═══ INFORMATION PROVIDED ═══
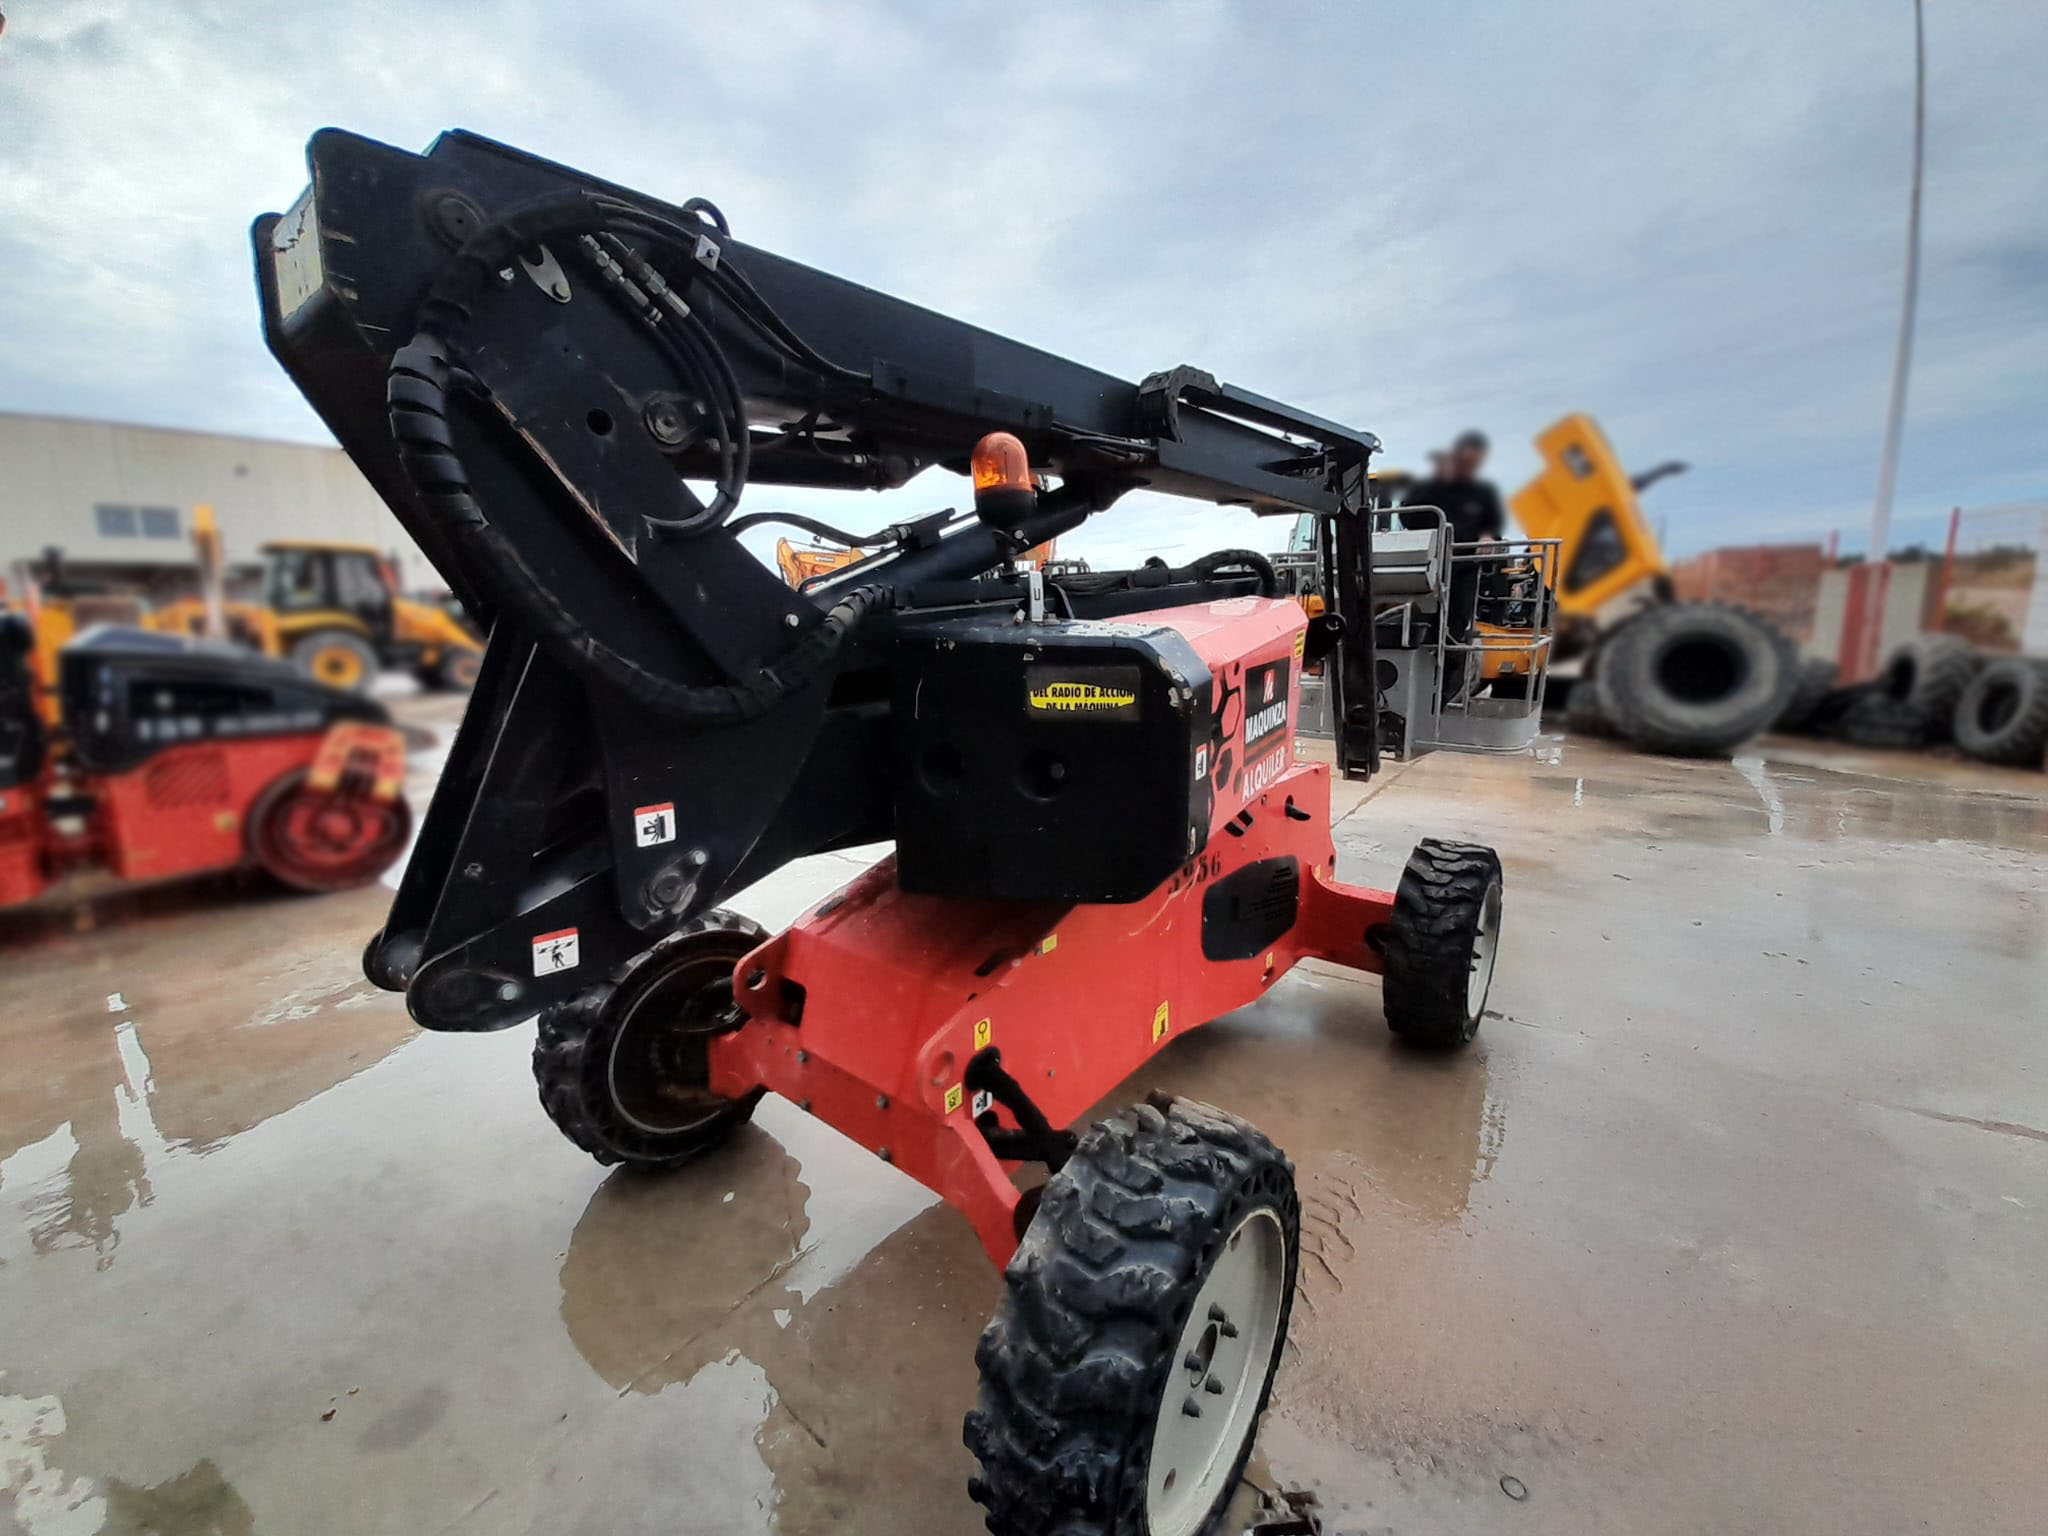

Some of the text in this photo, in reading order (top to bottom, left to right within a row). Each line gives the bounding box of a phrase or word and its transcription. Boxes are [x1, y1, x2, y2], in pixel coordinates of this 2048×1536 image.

[1051, 687, 1081, 698] RADIO
[1084, 687, 1097, 698] DE
[1245, 700, 1287, 745] MAQUINZA
[1241, 746, 1285, 803] ALQUILER
═══
Quote the records in full and exactly; skip any image.

Some of the text in this photo, in reading order (top to bottom, left to right within a row). Each line gives the bounding box of a phrase or word and its transcription. Boxes are [x1, y1, x2, y2], in pixel coordinates of this 2048×1536 image.

[1051, 687, 1081, 698] RADIO
[1084, 687, 1097, 698] DE
[1245, 700, 1287, 745] MAQUINZA
[1241, 746, 1285, 803] ALQUILER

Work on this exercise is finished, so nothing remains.